** BRIEF **
Reproduce every record below exactly, with the pictures left out.

** MATERIAL TO PROCESS **
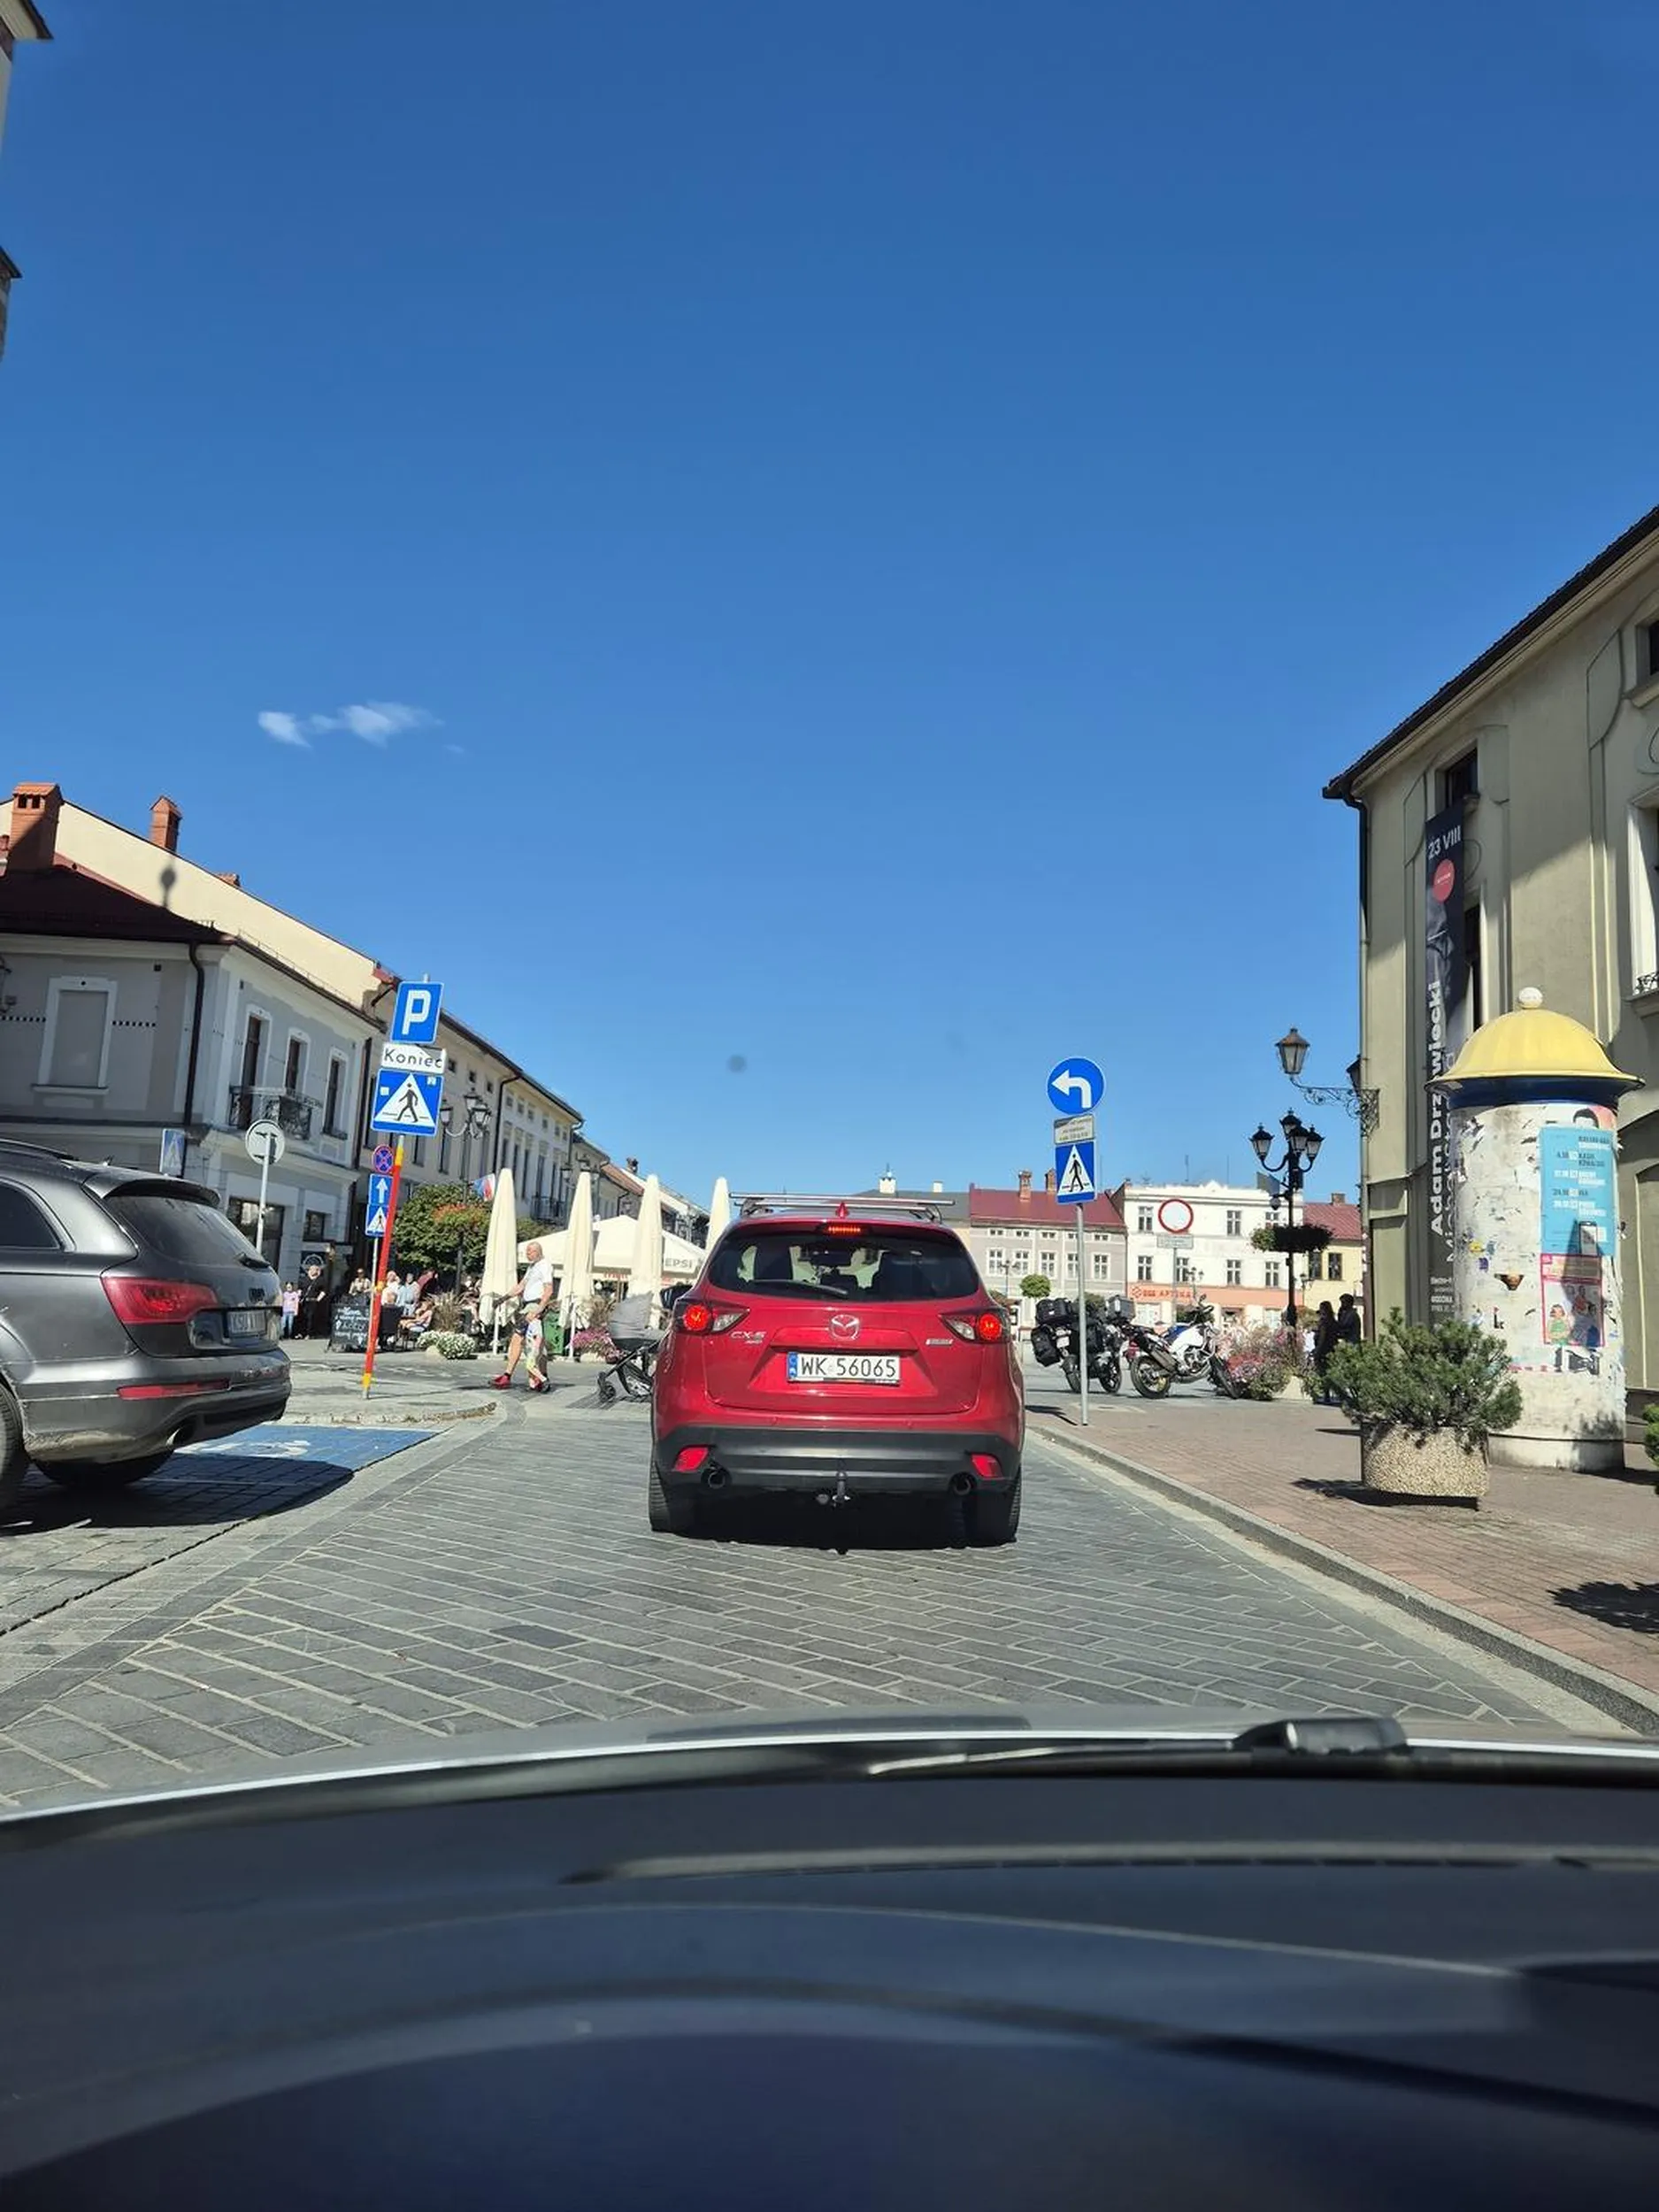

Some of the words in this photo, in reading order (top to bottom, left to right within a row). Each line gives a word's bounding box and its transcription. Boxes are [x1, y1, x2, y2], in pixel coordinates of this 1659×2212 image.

[1428, 838, 1440, 860] 23
[1443, 825, 1461, 849] VIII
[402, 990, 431, 1034] P
[384, 1048, 442, 1068] Koniec
[1428, 981, 1443, 1140] Drzwiecki
[1430, 1145, 1443, 1235] Adam
[664, 1258, 693, 1268] EPSI
[731, 1331, 767, 1340] CX-5
[802, 1356, 827, 1375] WK
[836, 1357, 895, 1378] 56065

** SOLUTION TO THIS PROBLEM **
Some of the words in this photo, in reading order (top to bottom, left to right within a row). Each line gives a word's bounding box and its transcription. Boxes are [x1, y1, x2, y2], in pixel coordinates of this 1659×2212 image.

[1428, 838, 1440, 860] 23
[1443, 825, 1461, 849] VIII
[402, 990, 431, 1034] P
[384, 1048, 442, 1068] Koniec
[1428, 981, 1443, 1140] Drzwiecki
[1430, 1145, 1443, 1235] Adam
[664, 1258, 693, 1268] EPSI
[731, 1331, 767, 1340] CX-5
[802, 1356, 827, 1375] WK
[836, 1357, 895, 1378] 56065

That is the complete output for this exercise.